Once the line holding "this 1542×1736 image." appears, repeat it and each line after it to the end of the data, exactly and with nothing else; pictures stay out.

··· DATA SHOWN ···

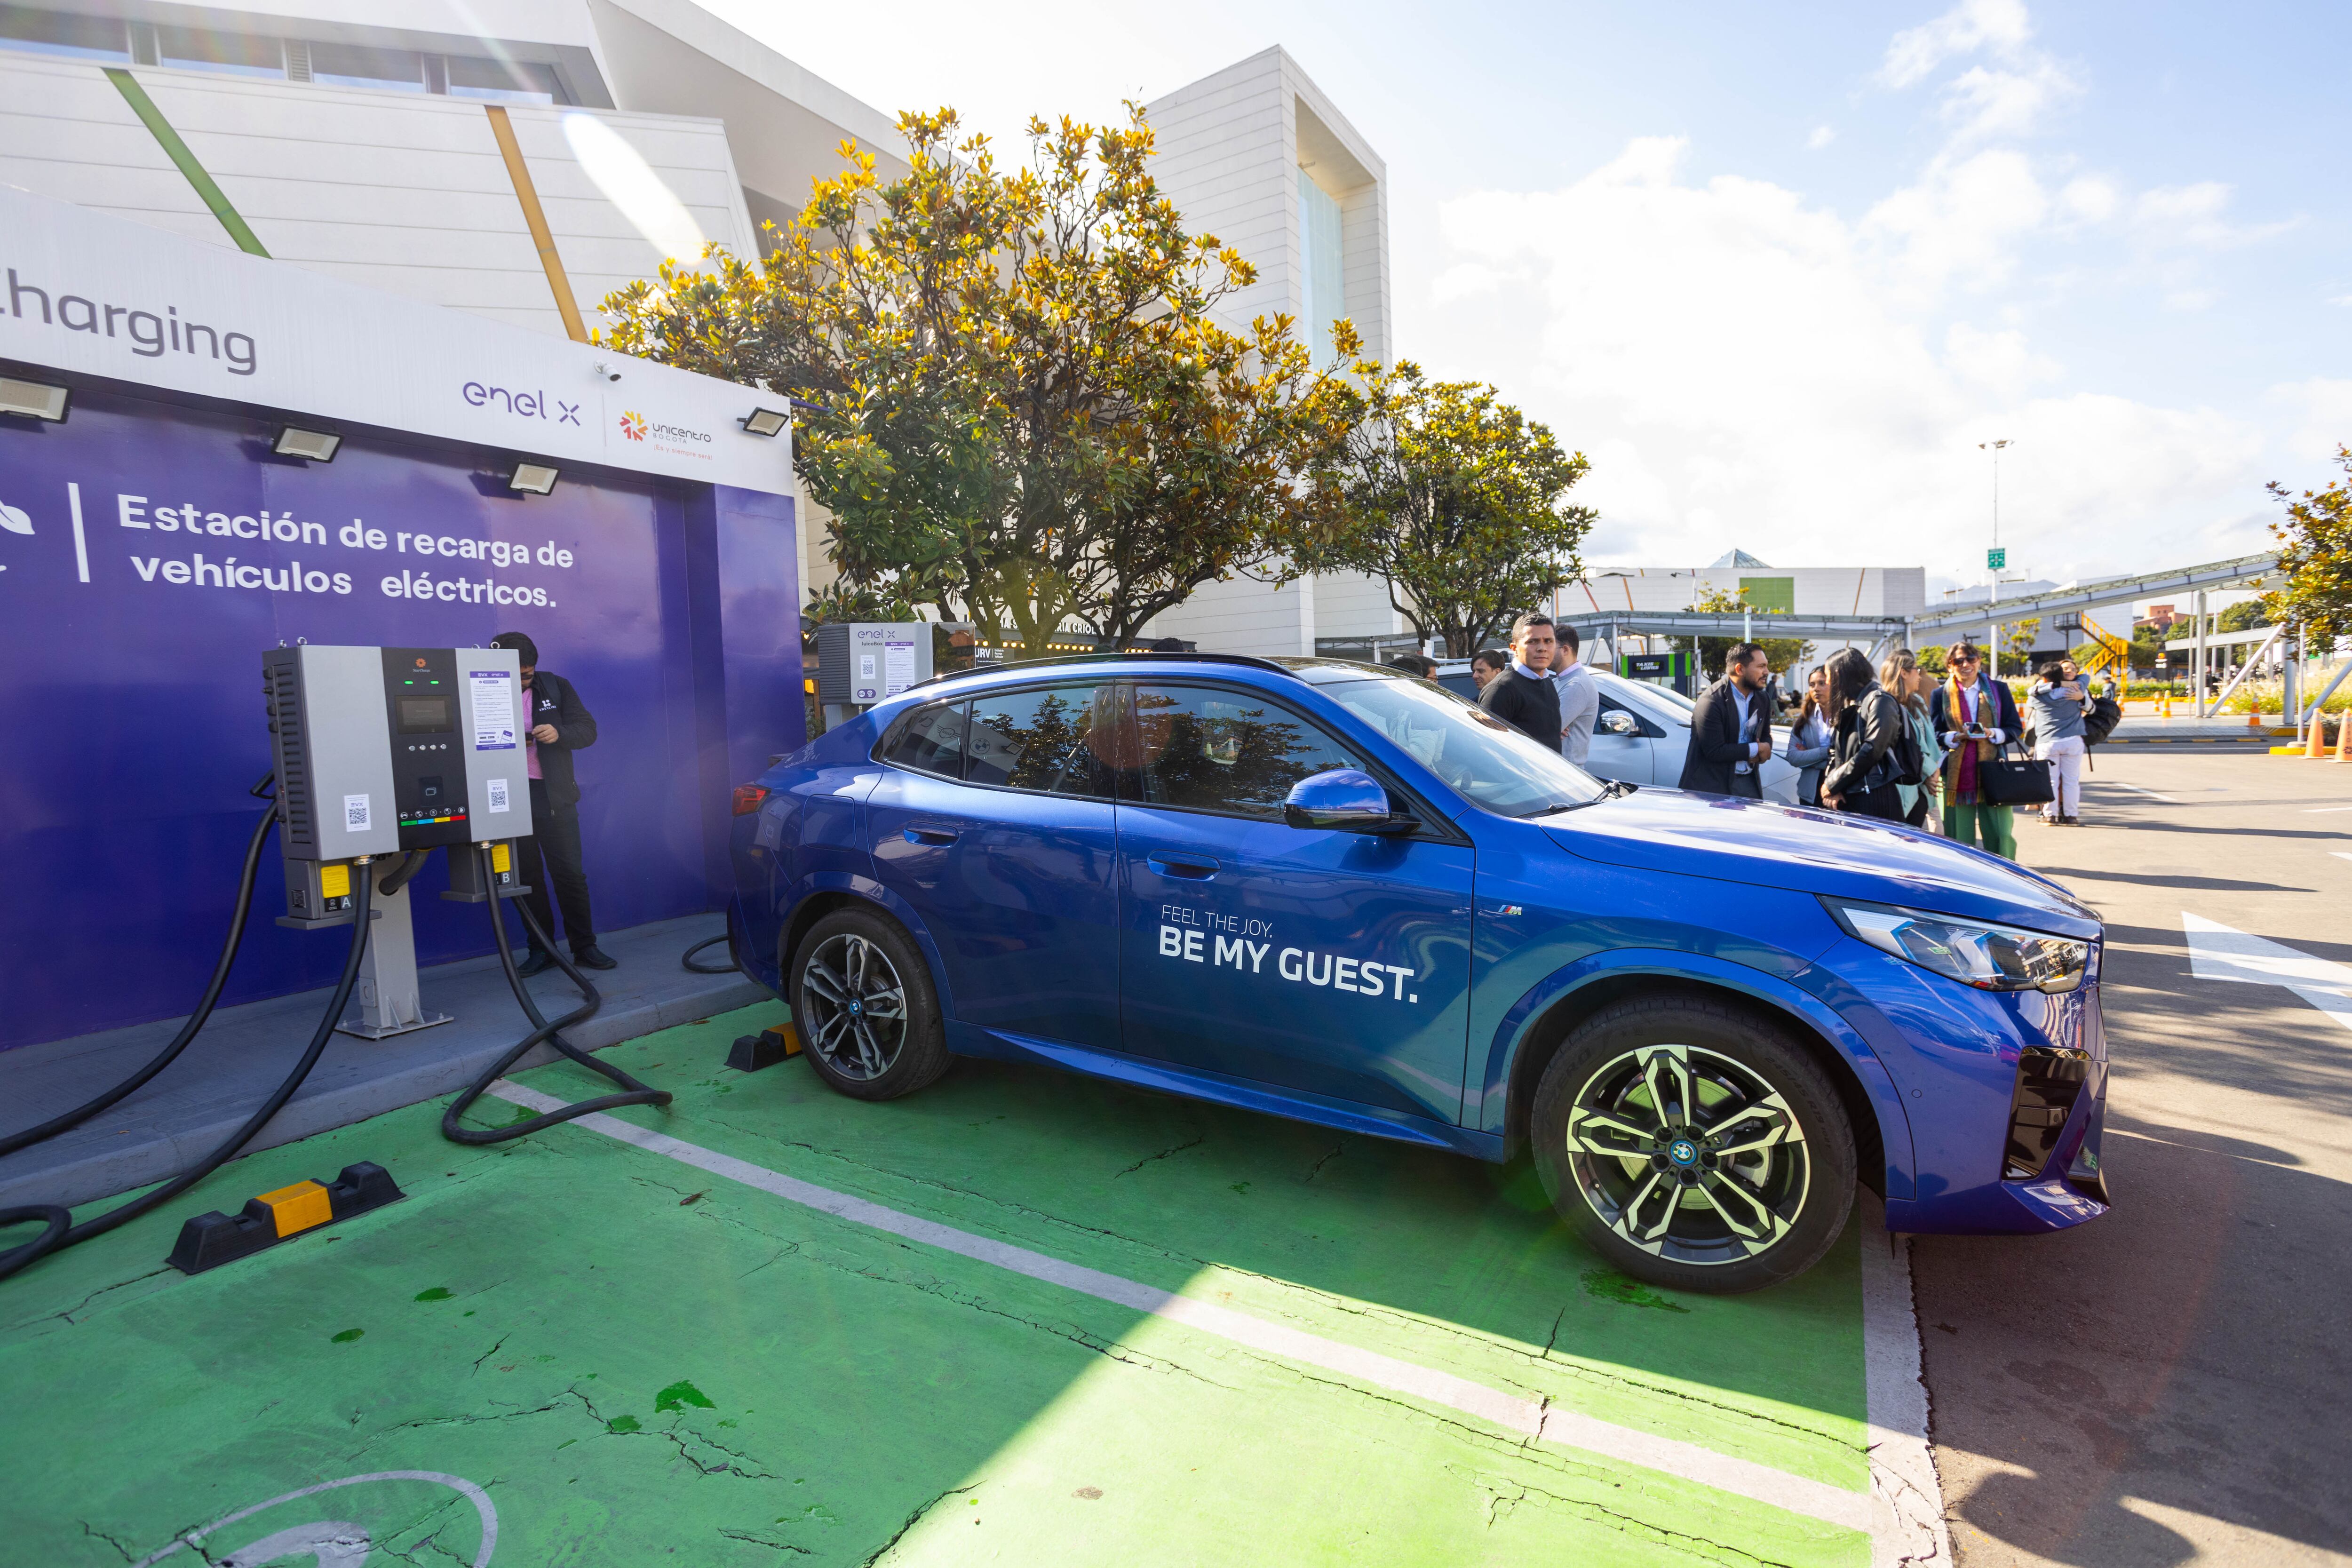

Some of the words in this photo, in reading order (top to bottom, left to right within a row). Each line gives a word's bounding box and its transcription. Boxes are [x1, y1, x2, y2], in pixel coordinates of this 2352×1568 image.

[0, 267, 257, 375] harging
[462, 381, 547, 420] enel
[671, 448, 696, 457] siempre
[118, 493, 326, 546] Estación
[339, 518, 388, 550] de
[397, 531, 530, 568] recarga
[536, 540, 574, 568] de
[131, 553, 352, 595] vehículos
[381, 570, 557, 608] eléctricos.
[858, 629, 884, 638] enel
[975, 648, 991, 658] URV
[502, 873, 510, 883] B
[342, 897, 351, 908] A
[1161, 904, 1200, 926] FEEL
[1205, 912, 1238, 932] THE
[1241, 919, 1272, 939] JOY.
[1159, 924, 1205, 963] BE
[1214, 935, 1271, 974] MY
[1279, 947, 1418, 1003] GUEST.
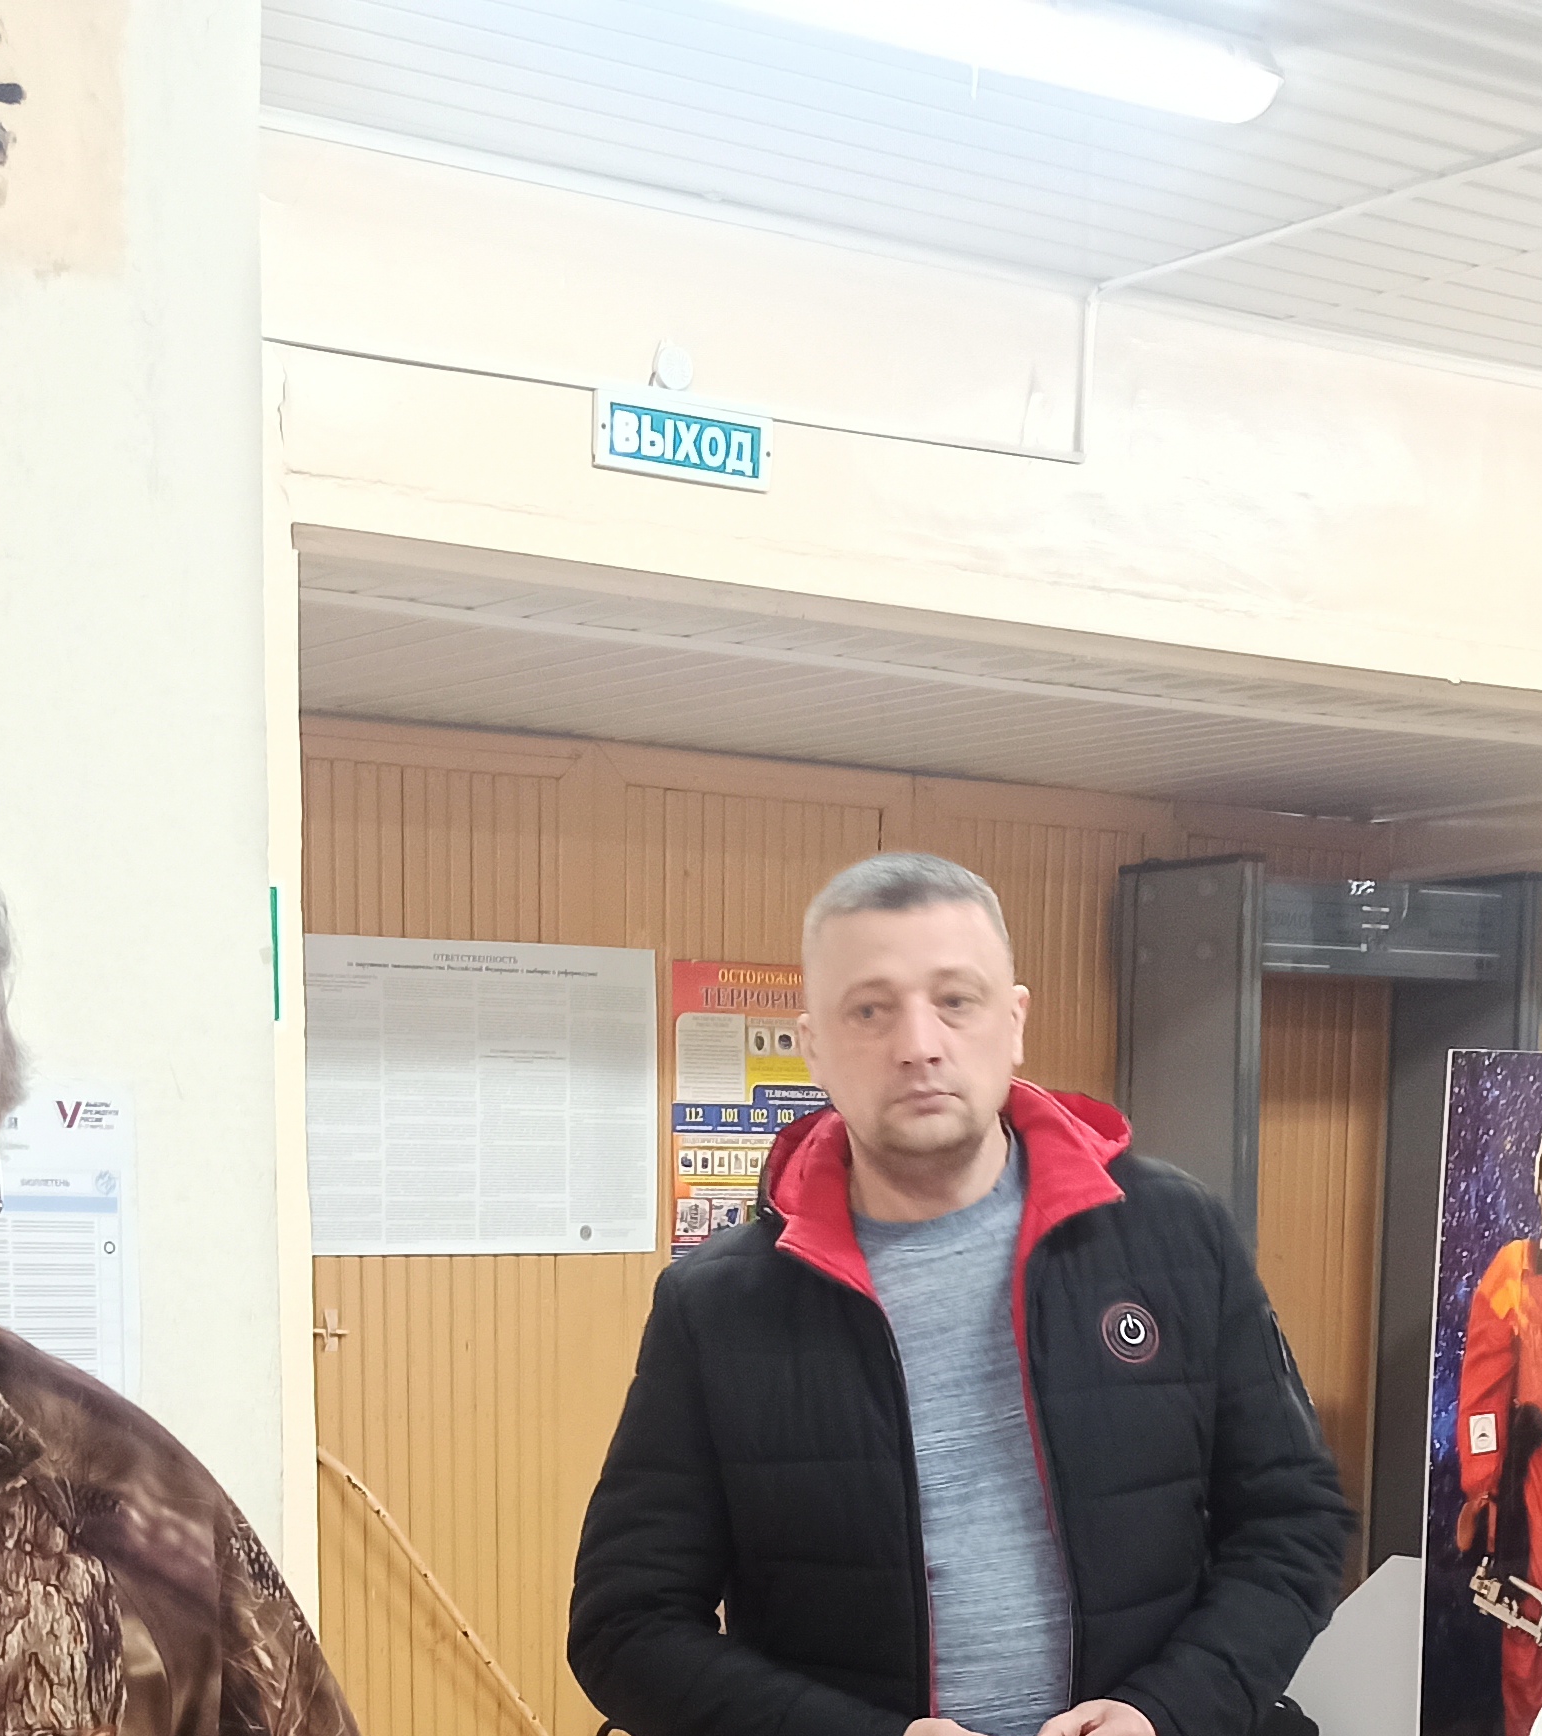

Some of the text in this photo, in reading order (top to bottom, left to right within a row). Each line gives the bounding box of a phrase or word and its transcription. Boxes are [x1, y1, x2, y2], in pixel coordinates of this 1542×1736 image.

[612, 409, 754, 477] ВЫХОД
[718, 968, 803, 986] ОСТОРОЖН
[700, 986, 802, 1010] ТЕРРОРИ
[685, 1107, 703, 1122] 112
[720, 1108, 739, 1123] 101
[750, 1108, 768, 1123] 102
[777, 1108, 794, 1123] 103
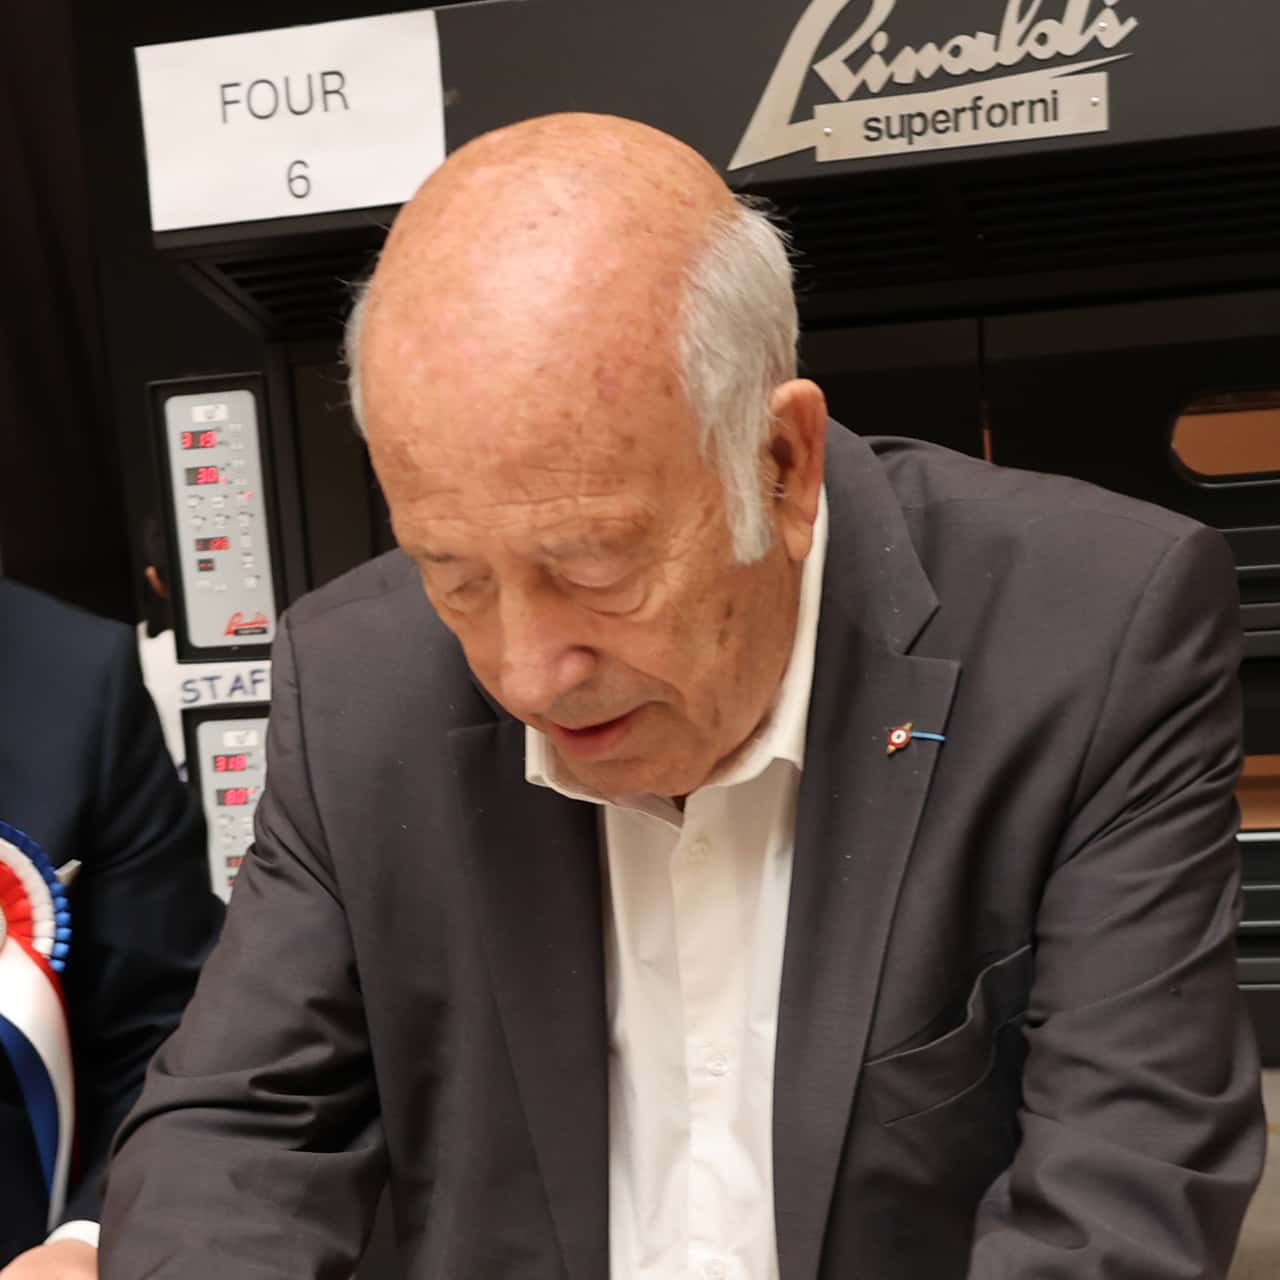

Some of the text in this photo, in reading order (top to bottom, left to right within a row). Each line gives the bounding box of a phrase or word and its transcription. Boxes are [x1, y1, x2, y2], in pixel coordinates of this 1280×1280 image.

···

REPLY
Some of the text in this photo, in reading order (top to bottom, left to right within a row). Each line gives the bounding box of a phrase or word and its transcription. Boxes are [x1, y1, x2, y2], in pixel coordinates of this 1542×1736 image.

[612, 409, 754, 477] ВЫХОД
[718, 968, 803, 986] ОСТОРОЖН
[700, 986, 802, 1010] ТЕРРОРИ
[685, 1107, 703, 1122] 112
[720, 1108, 739, 1123] 101
[750, 1108, 768, 1123] 102
[777, 1108, 794, 1123] 103

Some of the text in this photo, in reading order (top to bottom, left to right within a row). Each line gives the bounding box of a phrase or word and its transcription. Boxes are [x1, y1, x2, y2], in pixel coordinates of this 1280×1280 image.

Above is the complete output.